#### What the task requires
Set down exactly the lines from the one containing "this 2053×1434 image." through the last line of the data below, and no others.

───

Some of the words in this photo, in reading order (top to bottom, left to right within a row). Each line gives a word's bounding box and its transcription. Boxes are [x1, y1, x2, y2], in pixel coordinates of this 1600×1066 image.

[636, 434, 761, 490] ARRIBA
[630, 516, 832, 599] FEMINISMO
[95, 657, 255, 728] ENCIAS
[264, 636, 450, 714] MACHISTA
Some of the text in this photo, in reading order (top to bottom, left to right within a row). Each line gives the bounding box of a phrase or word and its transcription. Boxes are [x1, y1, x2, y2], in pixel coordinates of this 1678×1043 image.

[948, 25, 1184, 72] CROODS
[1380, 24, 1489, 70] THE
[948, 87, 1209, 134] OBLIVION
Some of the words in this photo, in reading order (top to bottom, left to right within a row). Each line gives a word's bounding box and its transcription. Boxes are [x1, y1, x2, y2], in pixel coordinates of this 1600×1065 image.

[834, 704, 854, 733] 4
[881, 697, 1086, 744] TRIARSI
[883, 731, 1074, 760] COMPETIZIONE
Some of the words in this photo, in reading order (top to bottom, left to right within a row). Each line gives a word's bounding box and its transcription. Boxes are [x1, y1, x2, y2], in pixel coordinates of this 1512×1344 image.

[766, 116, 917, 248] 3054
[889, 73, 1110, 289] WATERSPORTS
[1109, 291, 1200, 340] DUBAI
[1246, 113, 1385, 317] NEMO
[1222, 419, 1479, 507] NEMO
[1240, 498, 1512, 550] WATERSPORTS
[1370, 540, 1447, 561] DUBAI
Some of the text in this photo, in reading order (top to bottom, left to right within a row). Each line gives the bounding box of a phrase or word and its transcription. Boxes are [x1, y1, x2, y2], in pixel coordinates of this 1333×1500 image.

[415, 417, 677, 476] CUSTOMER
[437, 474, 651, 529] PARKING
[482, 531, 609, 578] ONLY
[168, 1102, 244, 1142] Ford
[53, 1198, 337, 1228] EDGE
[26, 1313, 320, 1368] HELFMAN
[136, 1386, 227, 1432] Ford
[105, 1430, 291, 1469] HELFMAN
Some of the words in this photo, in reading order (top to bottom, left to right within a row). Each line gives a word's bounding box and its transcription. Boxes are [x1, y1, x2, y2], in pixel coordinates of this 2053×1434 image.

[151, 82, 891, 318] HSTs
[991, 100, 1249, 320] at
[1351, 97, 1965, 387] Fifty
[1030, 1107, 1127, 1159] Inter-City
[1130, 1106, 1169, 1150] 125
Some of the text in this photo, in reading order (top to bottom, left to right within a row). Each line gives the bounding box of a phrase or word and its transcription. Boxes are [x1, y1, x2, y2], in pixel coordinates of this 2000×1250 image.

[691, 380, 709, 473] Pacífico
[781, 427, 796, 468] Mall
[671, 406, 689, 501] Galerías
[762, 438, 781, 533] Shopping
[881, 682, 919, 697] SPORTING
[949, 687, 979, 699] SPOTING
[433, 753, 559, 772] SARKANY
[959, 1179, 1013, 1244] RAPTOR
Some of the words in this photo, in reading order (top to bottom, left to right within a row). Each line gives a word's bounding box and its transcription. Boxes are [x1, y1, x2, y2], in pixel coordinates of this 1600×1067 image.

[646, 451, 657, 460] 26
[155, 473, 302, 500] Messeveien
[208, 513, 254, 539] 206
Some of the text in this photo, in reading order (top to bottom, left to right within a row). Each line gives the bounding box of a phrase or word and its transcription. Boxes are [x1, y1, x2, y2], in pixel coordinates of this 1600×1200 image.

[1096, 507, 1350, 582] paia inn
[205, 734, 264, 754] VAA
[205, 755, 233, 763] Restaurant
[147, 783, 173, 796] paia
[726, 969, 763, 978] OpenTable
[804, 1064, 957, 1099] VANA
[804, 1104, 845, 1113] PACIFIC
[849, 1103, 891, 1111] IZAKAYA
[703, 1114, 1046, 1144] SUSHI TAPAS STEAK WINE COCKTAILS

───

#### Response to the task
Some of the words in this photo, in reading order (top to bottom, left to right within a row). Each line gives a word's bounding box and its transcription. Boxes are [x1, y1, x2, y2], in pixel coordinates of this 2053×1434 image.

[151, 82, 891, 318] HSTs
[991, 100, 1249, 320] at
[1351, 97, 1965, 387] Fifty
[1030, 1107, 1127, 1159] Inter-City
[1130, 1106, 1169, 1150] 125
Some of the text in this photo, in reading order (top to bottom, left to right within a row). Each line gives the bounding box of a phrase or word and its transcription. Boxes are [x1, y1, x2, y2], in pixel coordinates of this 2000×1250 image.

[691, 380, 709, 473] Pacífico
[781, 427, 796, 468] Mall
[671, 406, 689, 501] Galerías
[762, 438, 781, 533] Shopping
[881, 682, 919, 697] SPORTING
[949, 687, 979, 699] SPOTING
[433, 753, 559, 772] SARKANY
[959, 1179, 1013, 1244] RAPTOR
Some of the words in this photo, in reading order (top to bottom, left to right within a row). Each line gives a word's bounding box and its transcription. Boxes are [x1, y1, x2, y2], in pixel coordinates of this 1600×1067 image.

[646, 451, 657, 460] 26
[155, 473, 302, 500] Messeveien
[208, 513, 254, 539] 206
Some of the text in this photo, in reading order (top to bottom, left to right within a row). Each line gives the bounding box of a phrase or word and its transcription. Boxes are [x1, y1, x2, y2], in pixel coordinates of this 1600×1200 image.

[1096, 507, 1350, 582] paia inn
[205, 734, 264, 754] VAA
[205, 755, 233, 763] Restaurant
[147, 783, 173, 796] paia
[726, 969, 763, 978] OpenTable
[804, 1064, 957, 1099] VANA
[804, 1104, 845, 1113] PACIFIC
[849, 1103, 891, 1111] IZAKAYA
[703, 1114, 1046, 1144] SUSHI TAPAS STEAK WINE COCKTAILS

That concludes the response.